Maxwell v. Department of Social & Health Services

636 P.2d 1102, 30 Wash. App. 591, 1981 Wash. App. LEXIS 2823
CourtCourt of Appeals of Washington
DecidedDecember 1, 1981
Docket4648-II
StatusPublished
Cited by2 cases

This text of 636 P.2d 1102 (Maxwell v. Department of Social & Health Services) is published on Counsel Stack Legal Research, covering Court of Appeals of Washington primary law. Counsel Stack provides free access to over 12 million legal documents including statutes, case law, regulations, and constitutions.

Bluebook
Maxwell v. Department of Social & Health Services, 636 P.2d 1102, 30 Wash. App. 591, 1981 Wash. App. LEXIS 2823 (Wash. Ct. App. 1981).

Opinion

Pearson, J.

— The Washington State Department of Social and Health Services (DSHS) appeals a decision directing it to pay the plaintiff $298.83 in welfare benefits and awarding her attorney's fees. The issue before us is whether, in view of RCW 74.12.010, 1 this court has the authority to remedy a violation of plaintiff's constitutional *593 right to equal protection by ordering the State to pay welfare benefits even though the United States Department of Health and Human Services (DHHS) may not provide matching funds. We affirm.

On May 23, 1979, Anna Maxwell applied for Aid to Families with Dependent Children-Employable (AFDC-E) public assistance. The application of DSHS regulations in effect at that time, WAC 388-24-050(4) and WAC 388-24-070, -075, consistent with the requirements of 42 U.S.C. § 607 of the Social Security Act, 2 limited AFDC-E benefits to families of unemployed fathers only; families where only the mother was unemployed did not qualify. If Anna Maxwell had been a father, her family would have been eligible for AFDC-E benefits.

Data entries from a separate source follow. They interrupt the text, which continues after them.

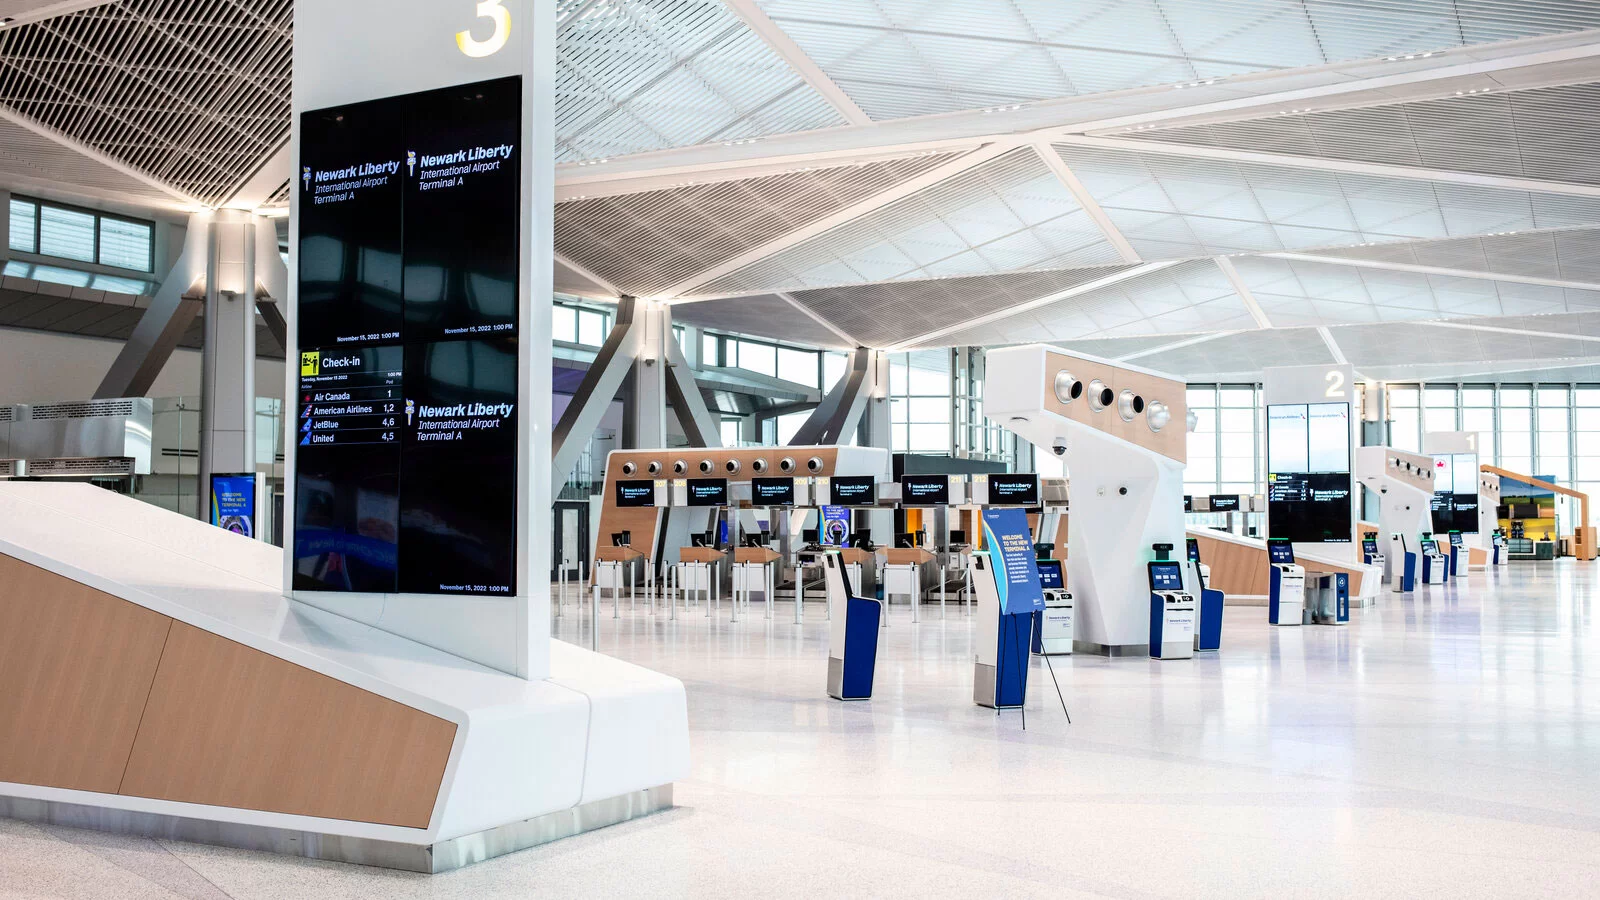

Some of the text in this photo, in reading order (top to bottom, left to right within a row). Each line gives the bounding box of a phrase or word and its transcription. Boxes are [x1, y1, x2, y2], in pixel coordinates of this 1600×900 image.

[456, 0, 512, 58] 3
[420, 144, 513, 168] Newark Liberty
[315, 160, 400, 182] Newark Liberty
[420, 160, 500, 180] International Airport
[315, 176, 388, 194] International Airport
[419, 177, 464, 191] Terminal A
[314, 191, 355, 205] Terminal A
[322, 356, 360, 368] Check-in
[1325, 371, 1345, 397] 2
[325, 392, 350, 400] Canada
[314, 406, 345, 415] American
[384, 404, 394, 413] 1,2
[419, 403, 514, 418] Newark Liberty
[313, 421, 338, 429] JetBlue
[382, 418, 394, 427] 4,6
[418, 419, 500, 430] International Airport
[382, 432, 394, 441] 4,5
[417, 431, 462, 441] Terminal A
[1466, 434, 1475, 450] 1

On May 29, 1979, the DSHS denied Maxwell's application solely on the basis of sex. She requested an administrative hearing under RCW 74.08.070. The hearing was held on July 31, 1979, resulting in a decision affirming the denial of AFDC-E benefits on September 20, 1979. The hearing examiner concluded that Califano v. Westcott, 443 U.S. 76, 61 L. Ed. 2d 382, 99 S. Ct. 2655 (1979), declaring 42 U.S.C. § 607 unconstitutional, was not retroactive, and that changes in the DSHS regulations that extended AFDC-E benefits to the family of an unemployed mother were prospective only from August 1, 1979.

The administrative decision was appealed to the Cowlitz County Superior Court pursuant to RCW 34.04.130 and RCW 74.08.080. The trial court reversed the administrative decision and directed the DSHS to pay benefits and attorney's fees to Maxwell.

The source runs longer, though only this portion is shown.